Work instructions: Images are not wanted; transcribe the rest of the listing exactly.

-- Material provided follows --

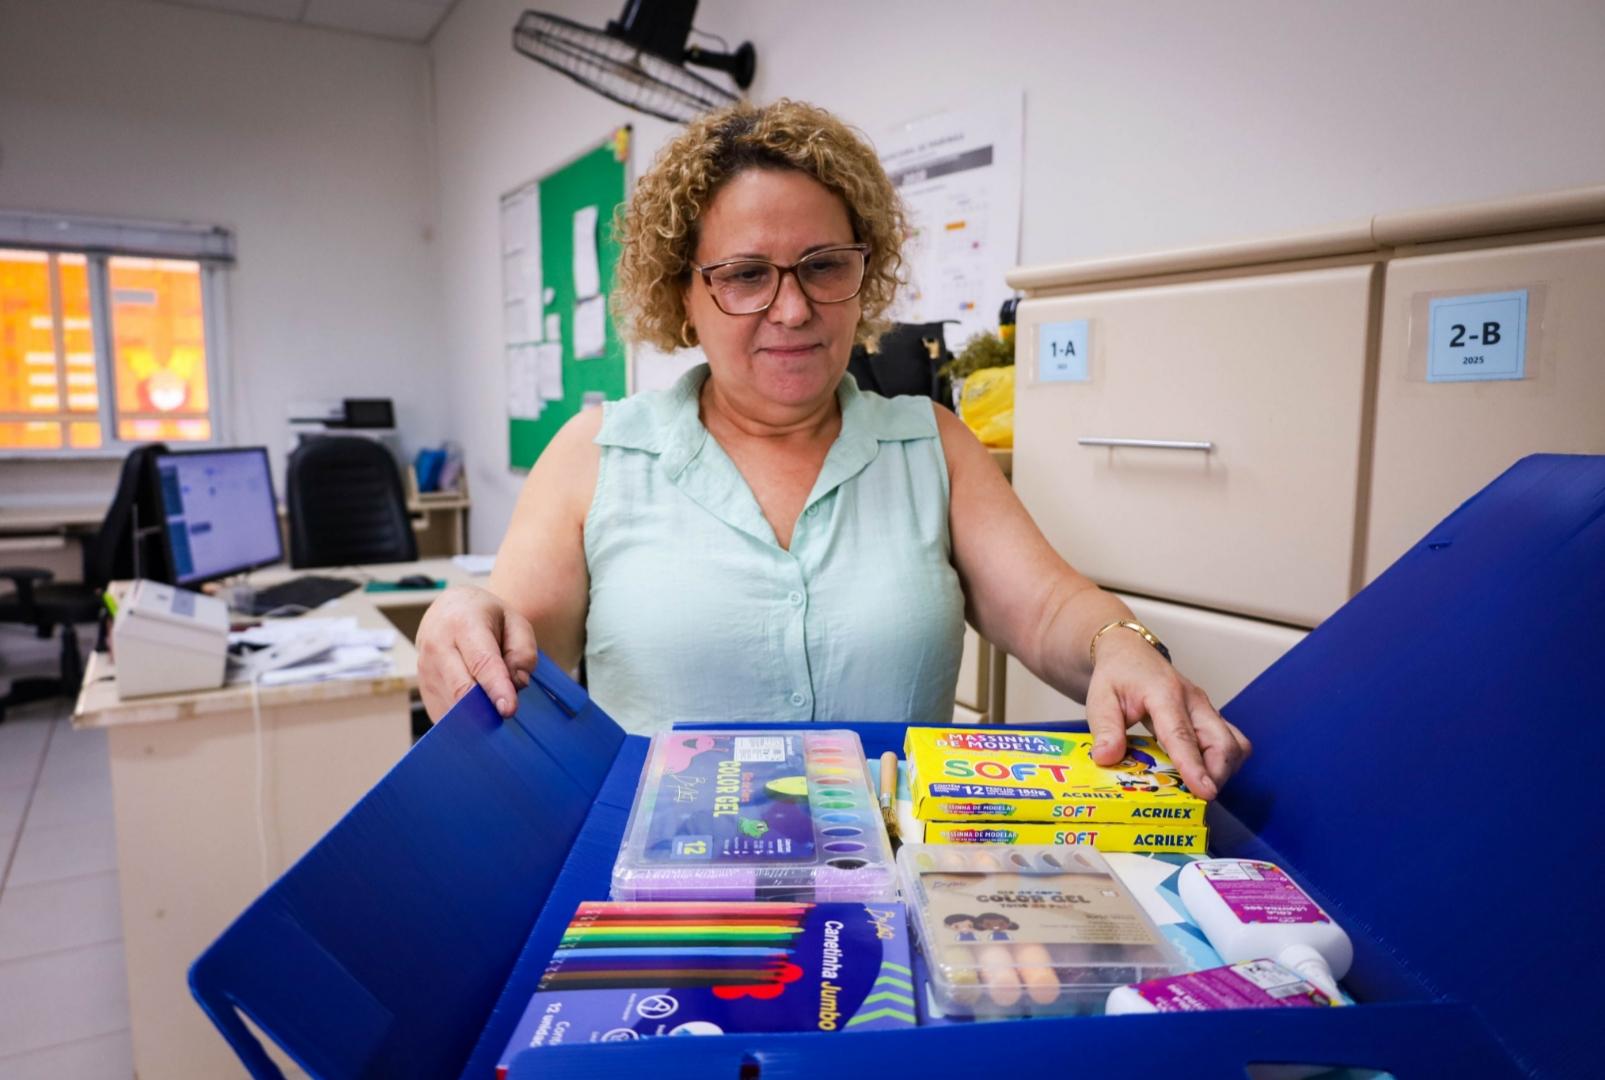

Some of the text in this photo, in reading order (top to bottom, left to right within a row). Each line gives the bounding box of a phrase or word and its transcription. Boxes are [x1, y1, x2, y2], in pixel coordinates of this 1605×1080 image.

[1449, 321, 1501, 348] 2-B
[1050, 340, 1076, 358] 1-A
[1462, 356, 1484, 365] 2025
[948, 732, 1045, 745] MASSINHA
[936, 740, 1063, 753] DE MODELAR
[943, 759, 1071, 783] SOFT
[713, 760, 741, 818] COLOR GEL
[962, 785, 985, 796] 12
[1062, 792, 1124, 800] ACRILEX
[1052, 805, 1096, 818] SOFT
[1131, 807, 1192, 819] ACRILEX
[1054, 832, 1098, 846] SOFT
[1133, 834, 1194, 847] ACRILEX
[684, 840, 705, 854] 12
[976, 894, 1091, 904] COLOR GEL
[818, 920, 844, 1031] Canetinha Jumbo
[546, 1002, 562, 1014] 12
[549, 1021, 571, 1046] Cont
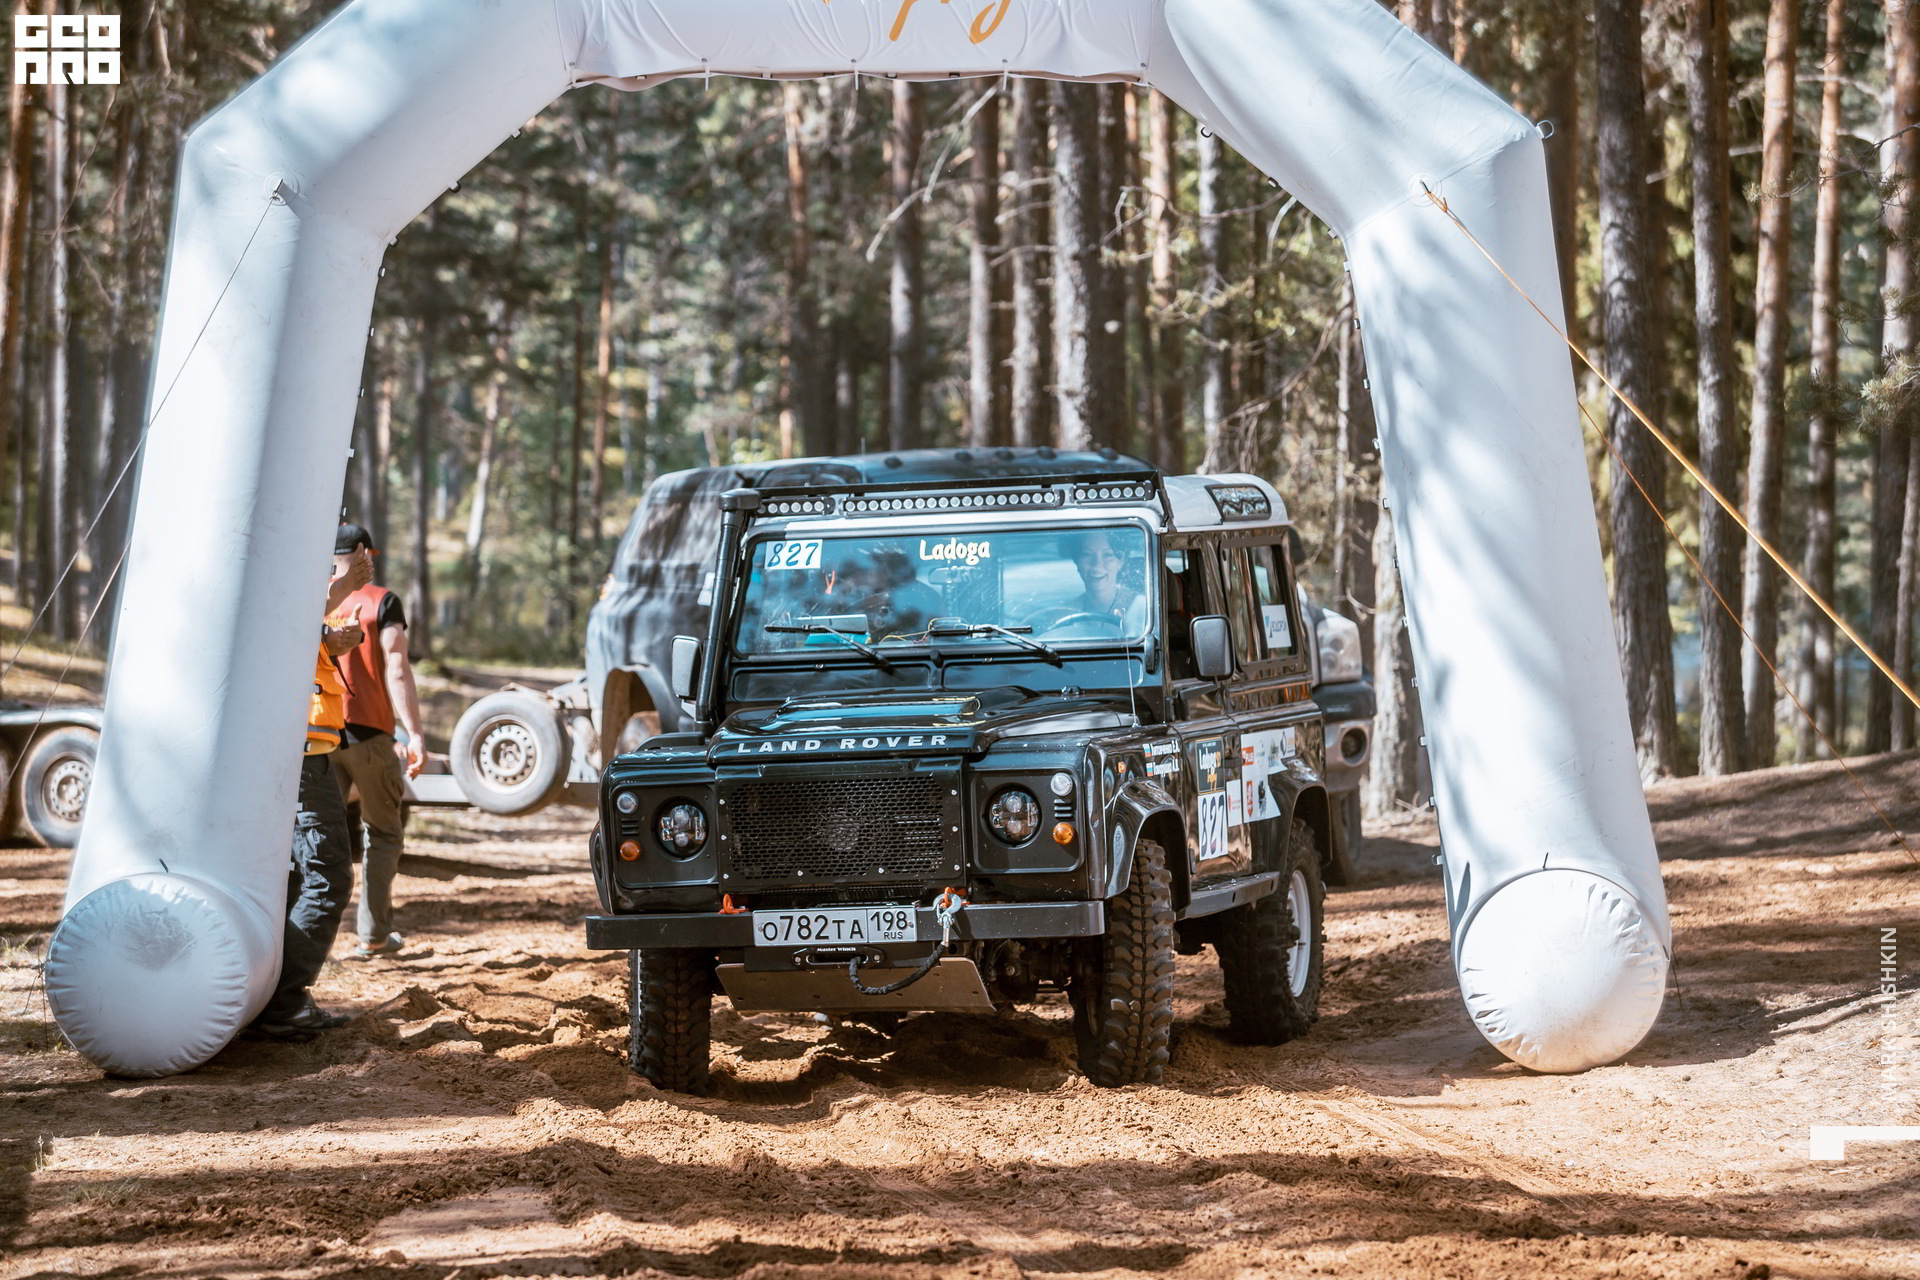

-- Material provided concluded --

Task result:
Some of the text in this photo, in reading order (top to bottom, left to right within a row). Each line gives the bounding box of a phrase or word and its transcription. Boxes are [x1, y1, x2, y2], in pixel coordinates of this 1605×1080 image.

[1449, 321, 1501, 348] 2-B
[1050, 340, 1076, 358] 1-A
[1462, 356, 1484, 365] 2025
[948, 732, 1045, 745] MASSINHA
[936, 740, 1063, 753] DE MODELAR
[943, 759, 1071, 783] SOFT
[713, 760, 741, 818] COLOR GEL
[962, 785, 985, 796] 12
[1062, 792, 1124, 800] ACRILEX
[1052, 805, 1096, 818] SOFT
[1131, 807, 1192, 819] ACRILEX
[1054, 832, 1098, 846] SOFT
[1133, 834, 1194, 847] ACRILEX
[684, 840, 705, 854] 12
[976, 894, 1091, 904] COLOR GEL
[818, 920, 844, 1031] Canetinha Jumbo
[546, 1002, 562, 1014] 12
[549, 1021, 571, 1046] Cont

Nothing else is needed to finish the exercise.